BFM Business
Transports

Les grèves à la SNCF se concentrent-elles vraiment à Noël et pendant les vacances?

Un mouvement social touche la compagnie ce week-end de Noël. Jusqu'alors, la SNCF n'avait connu que deux grèves importantes lors des fêtes de Noël, en 1986 et en 2019.

Dans les gares, tous les voyageurs ne pourront pas prendre leur train dans les prochains jours. Une grève à la SNCF pour Noël, encore? Pas vraiment: dans les faits, les grèves des agents SNCF sont loin d'être systématiques lors des fêtes de fin d'année.

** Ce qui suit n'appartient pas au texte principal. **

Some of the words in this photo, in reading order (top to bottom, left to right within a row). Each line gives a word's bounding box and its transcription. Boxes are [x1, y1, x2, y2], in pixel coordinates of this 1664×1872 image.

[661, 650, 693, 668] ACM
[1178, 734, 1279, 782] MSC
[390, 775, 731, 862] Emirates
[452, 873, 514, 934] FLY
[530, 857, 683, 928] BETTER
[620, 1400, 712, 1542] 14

Elles sont même relativement rares: jusqu'alors, le trafic n'a été réellement perturbé qu'à deux reprises à cette période de l'année. La dernière fois, c'était en 2019, en plein cœur du long conflit social lié à la réforme des retraites, et il faut ensuite remonter beaucoup plus loin dans le temps, en 1986, au moment où les cheminots s'opposaient à la nouvelle grille salariale.

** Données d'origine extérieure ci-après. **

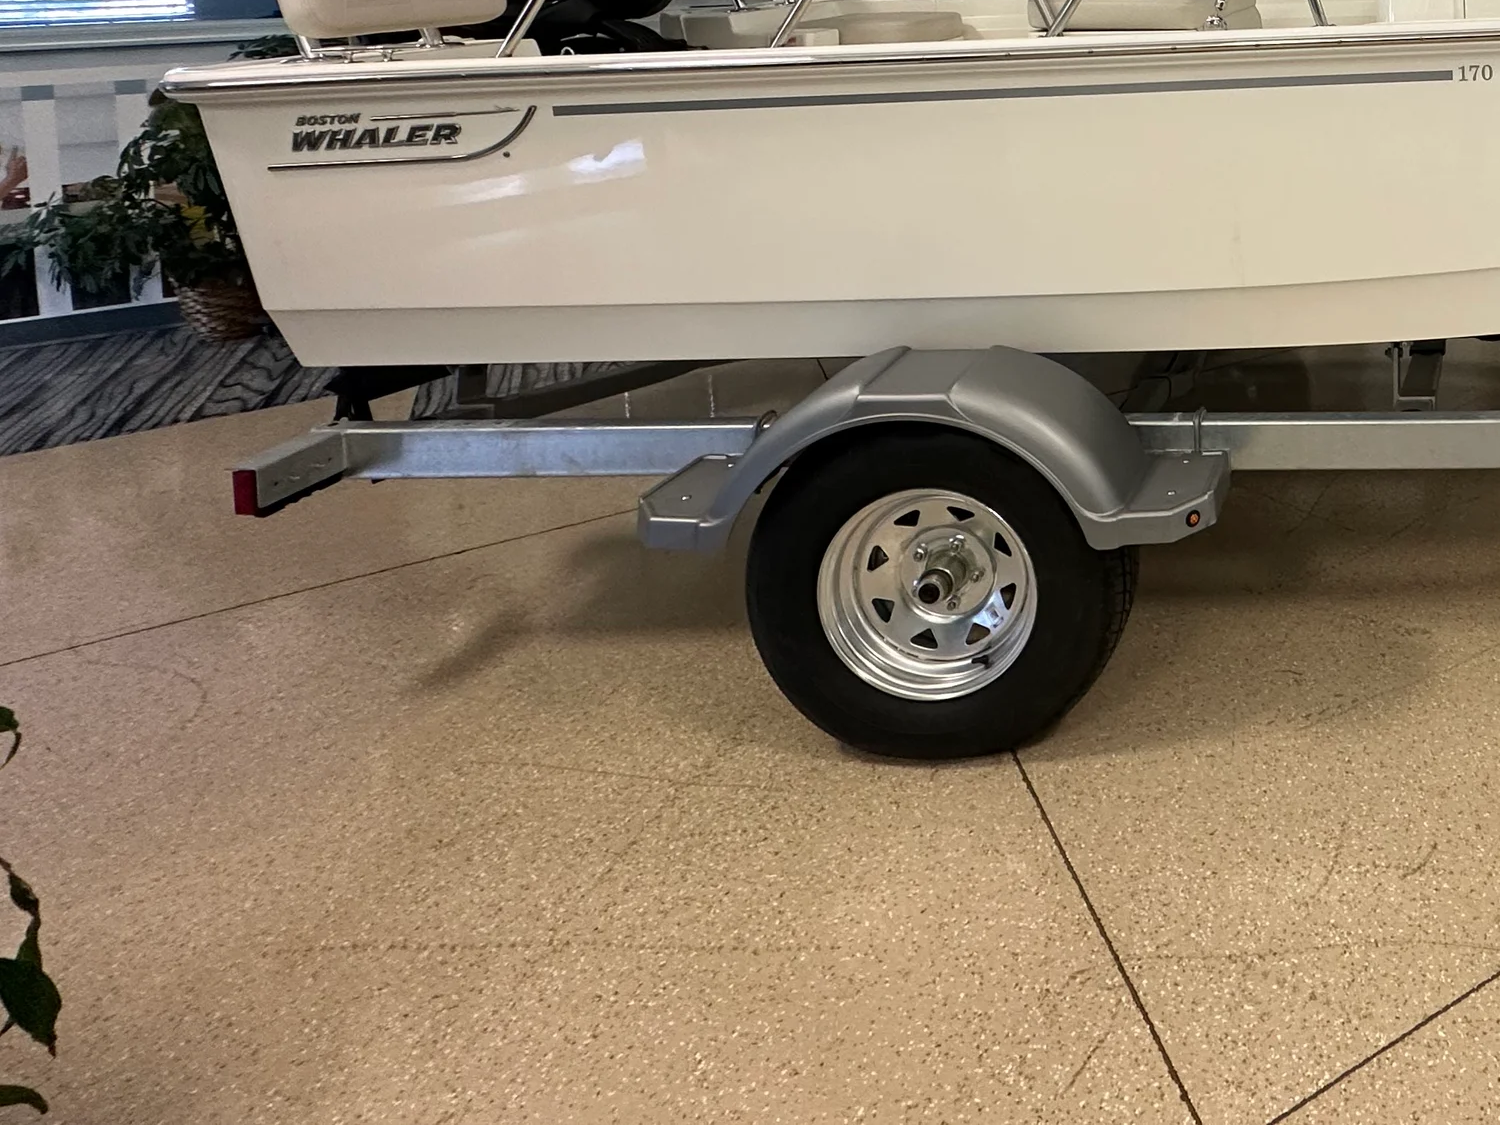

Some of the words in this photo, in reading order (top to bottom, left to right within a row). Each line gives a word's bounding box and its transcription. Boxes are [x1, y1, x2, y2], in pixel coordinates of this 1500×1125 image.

L'image d'Épinal de la grève SNCF de Noël puise dans les fréquents mouvements sociaux qui ont lieu en décembre, moment clef des négociations salariales, et surtout aux préavis de grève déposés à de nombreuses reprises par les syndicats. Le plus souvent levés à la dernière minute à la faveur d'une reddition de la direction ou du gouvernement, comme en 1995. Par ailleurs, le calendrier n'est pas toujours choisi par les syndicats. En 2019, par exemple, c'est la présentation de la réforme des retraites par le gouvernement qui avait déclenché le mouvement social.

Des appels à "renoncer"

Reste qu'en dehors de Noël, les grèves des cheminots se concentrent généralement sur les grands week-ends de départ en vacances.

"La grève, par nature, n'a d'intérêt que si elle est visible et qu'elle perturbe", souligne l'historien Stéphane Sirot, spécialiste des mouvements sociaux.

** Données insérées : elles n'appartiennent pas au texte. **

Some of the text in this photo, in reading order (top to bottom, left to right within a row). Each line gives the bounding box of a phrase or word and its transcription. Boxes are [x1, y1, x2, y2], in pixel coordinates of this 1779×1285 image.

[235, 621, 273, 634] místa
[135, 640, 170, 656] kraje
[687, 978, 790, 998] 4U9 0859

"Il n'y a pas d'intérêt à faire grève un jour où ça n'aurait aucun impact", résume-t-il. Concrètement: faire grève au moment des grandes transhumances des fêtes ou des vacances, c'est le moyen de mettre le maximum de pression sur la direction pour négocier à son avantage. Sinon, l'outil perd de son utilité.

Face au mécontentement des usagers, les appels à sanctuariser la période des fêtes se multiplient ces derniers jours – le porte-parole du gouvernement, Olivier Véran, demandait encore ce jeudi aux contrôleurs de "renoncer" à leur grève. Assurer défendre le droit de grève et, en même temps, appeler à ne pas perturber le trafic apparaît néanmoins comme une "injonction contradictoire", analyse Stéphane Sirot. Les grévistes, s'ils perdent plusieurs jours de salaire, s'attendent à ce que le mouvement se montre utile en échange.

Des syndicats dépassés

Cette fois-ci, les syndicats semblent pourtant gênés par la date choisie pour la mobilisation des contrôleurs, bien qu'elle ait été rendue possible par leurs propres préavis. Ils peinent à encadrer ce conflit social, parti de la base sans initiative syndicale. "Ce n'est pas la première fois que cela arrive, mais c'est une pratique qui gagne du terrain", notamment grâce aux réseaux sociaux, précise Stéphane Sirot, citant l'exemple des ateliers de maintenance des TGV en 2019, où le débrayage spontané de techniciens avait perturbé le trafic dans l'ouest du pays.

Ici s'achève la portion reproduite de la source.